Aunque hoy en día parece demostrado que su reclutamiento como espía era real, también se sabe, ahora y entonces, que el impacto de sus actos no influyó lo más mínimo en la guerra. Fue enjuiciada sin pruebas contundentes y en un proceso totalmente amañado por el rencor de aquellos que no aceptaron nunca su libertad. Posiblemente supo demasiado de altas personalidades de Francia, Inglaterra y Alemania. En su juicio se defendió, “una ramera sí, una traidora, ¡jamás!”.
Cuando sabía que la ejecución era inevitable escribió tres cartas a las tres personas que realmente amaba; su hija, su amante de 21 años y a un alto cargo que se desconoce hasta hoy día su identidad.
Fue ejecutada por un pelotón de 12 soldados el 18 de Octubre de 1917. Pidió que no le taparan los ojos ni se le atara a un poste. La leyenda cuenta que se les exigió a los verdugos, a modo de Ulises frente a las sirenas, que vendaran sus ojos antes de disparar para evitar así dejarse embaucar por sus encantos. Cuentan también que antes de recibir la carga mortal, Mata Hari lanzó un beso a cada uno de sus ejecutores. Ambas leyendas no hace más que reforzar la teoría de que su muerte estuvo más influenciada por su vida de mujer libertina que por sus acciones de guerra.
La realidad es que de los 12 soldados que formaban el pelotón de enjuiciamiento, nueve de ellos dispararon al aire, pues sólo 3 balas impactaron en el cuerpo de Mata Hari. Hasta el día de hoy no se conoce el motivo de tan clara acción, pues por la distancia que los separaba, claramente nueve de ellos no quisieron hacer blanco.
Nadie reclamó su cuerpo. Estaba sola en el mundo por lo que este fue enviado a la universidad de medicina. Se mandó sin la cabeza ya que esta fue embalsamada y exhibida en el museo de criminales de Francia hasta 1958 cuando fue robada, se cree, por un admirador.

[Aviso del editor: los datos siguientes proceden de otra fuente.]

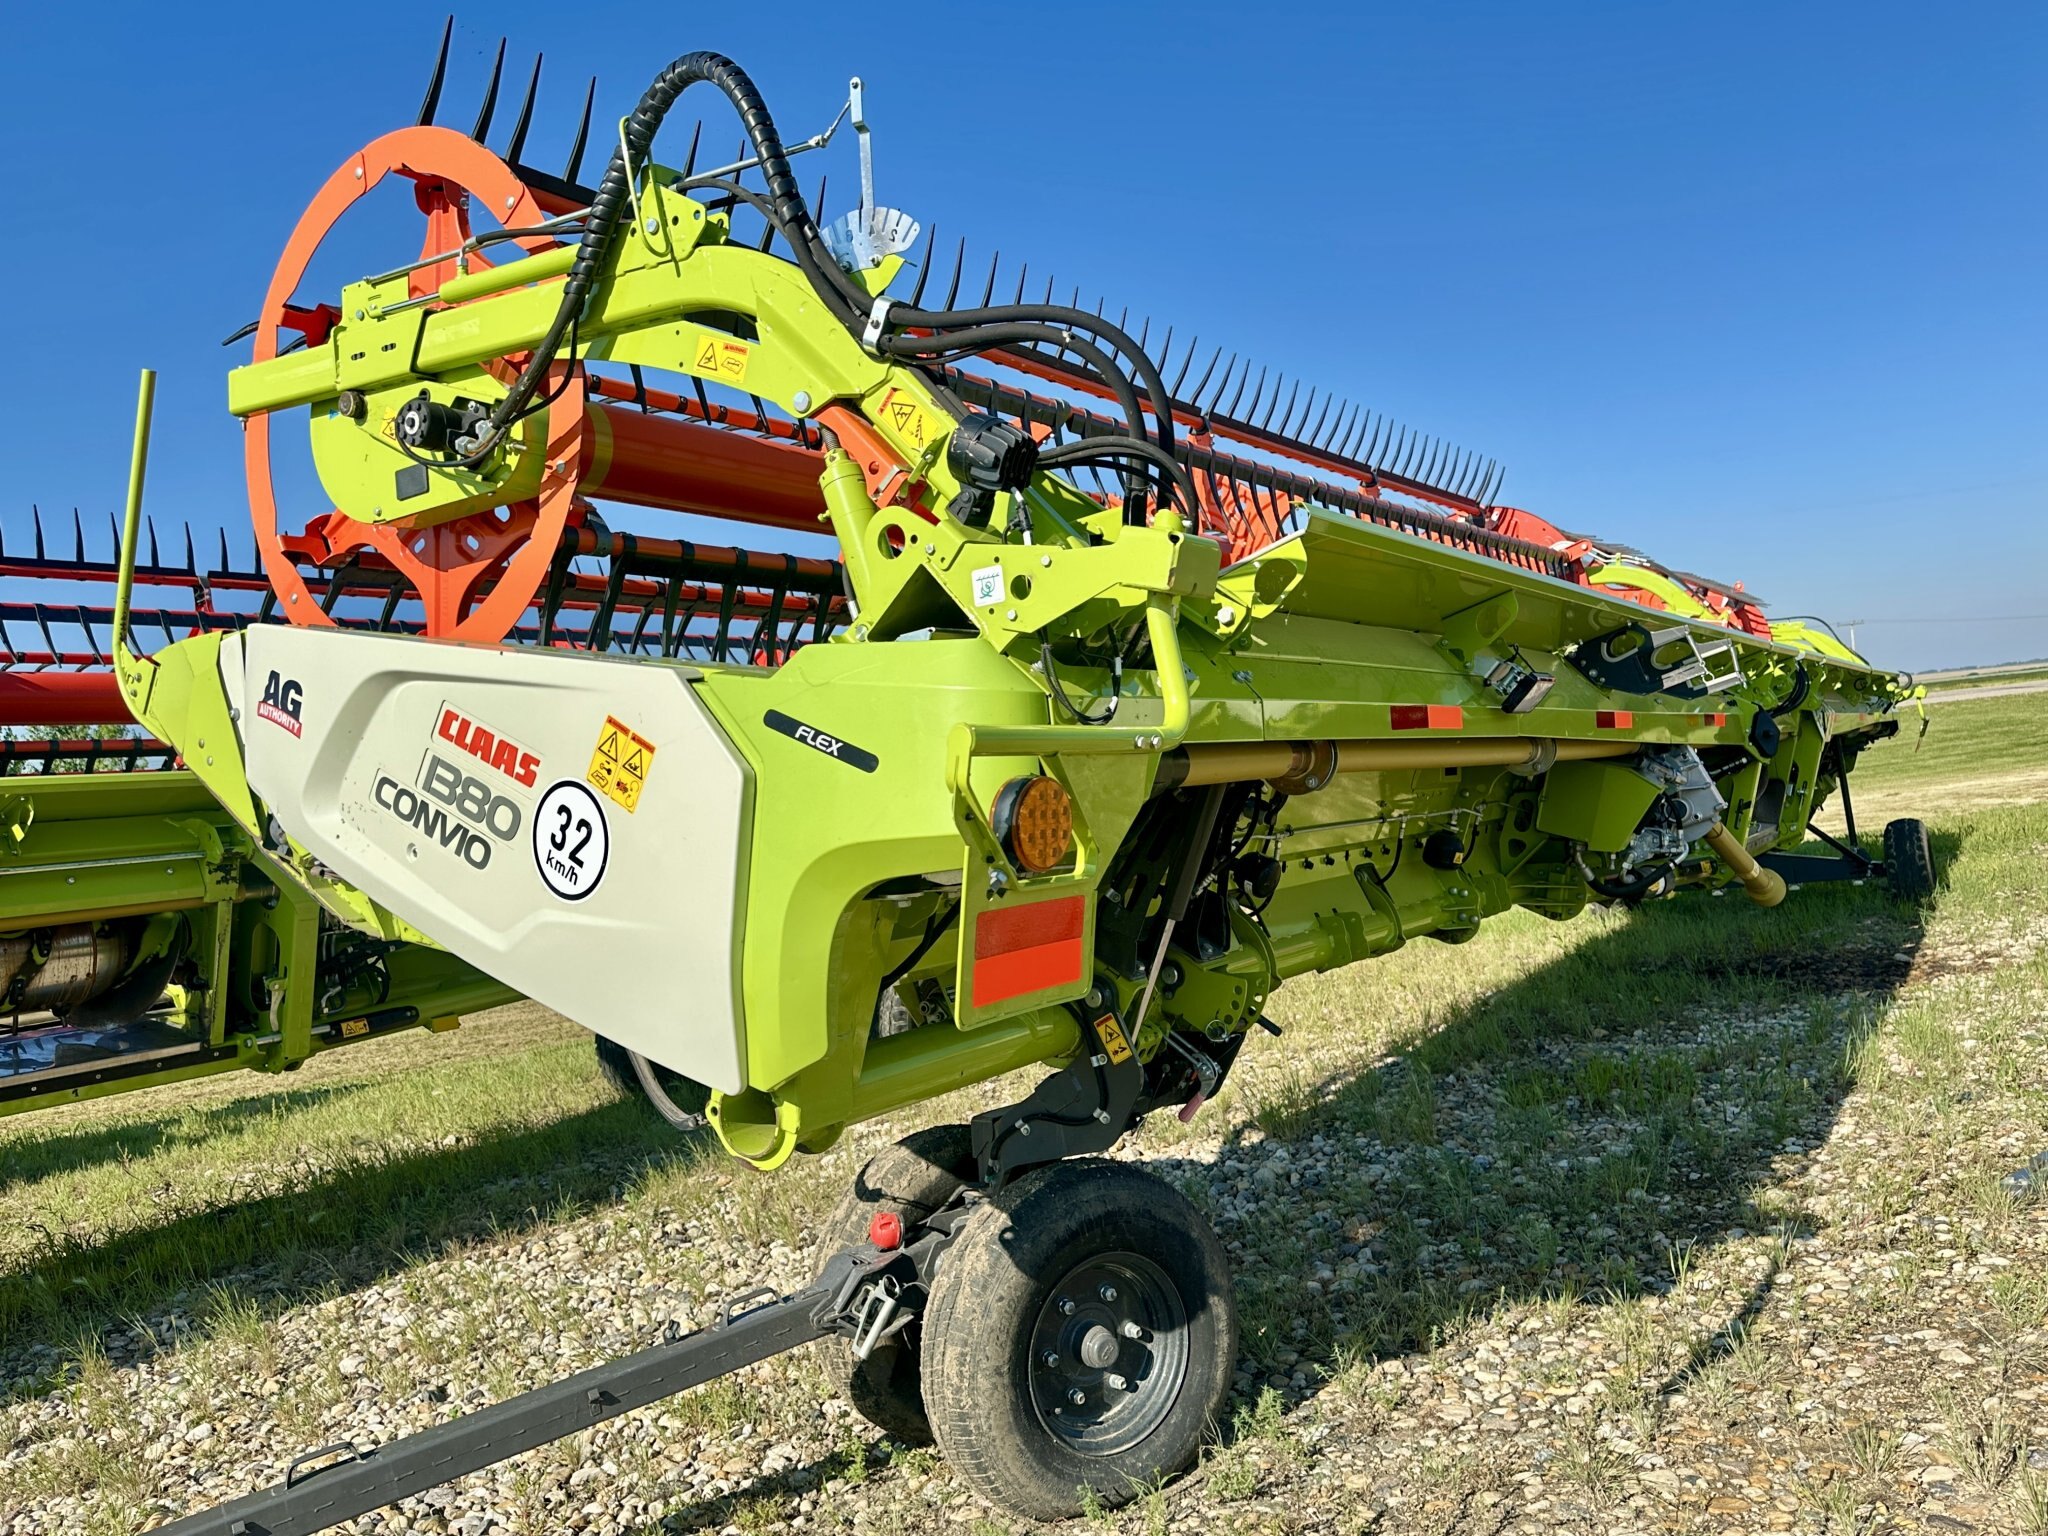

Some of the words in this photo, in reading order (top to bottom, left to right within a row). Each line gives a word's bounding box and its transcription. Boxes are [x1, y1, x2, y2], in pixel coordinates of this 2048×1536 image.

Posiblemente fuera espía, pero sus informaciones no fueron determinantes para nada ni para nadie. Fue víctima de su propia época. Su libertad rebelde creó recelos. Sus famosos bailes se granjeó influyentes enemigos. Sus secretos de alcoba asustó a todopoderosos haciéndolos sentir débiles. Posiblemente fuera una espía, H21, pero lo que la condenó fue ser la gran Mata Hari, un ser que vivió y murió libre en una época equivocada.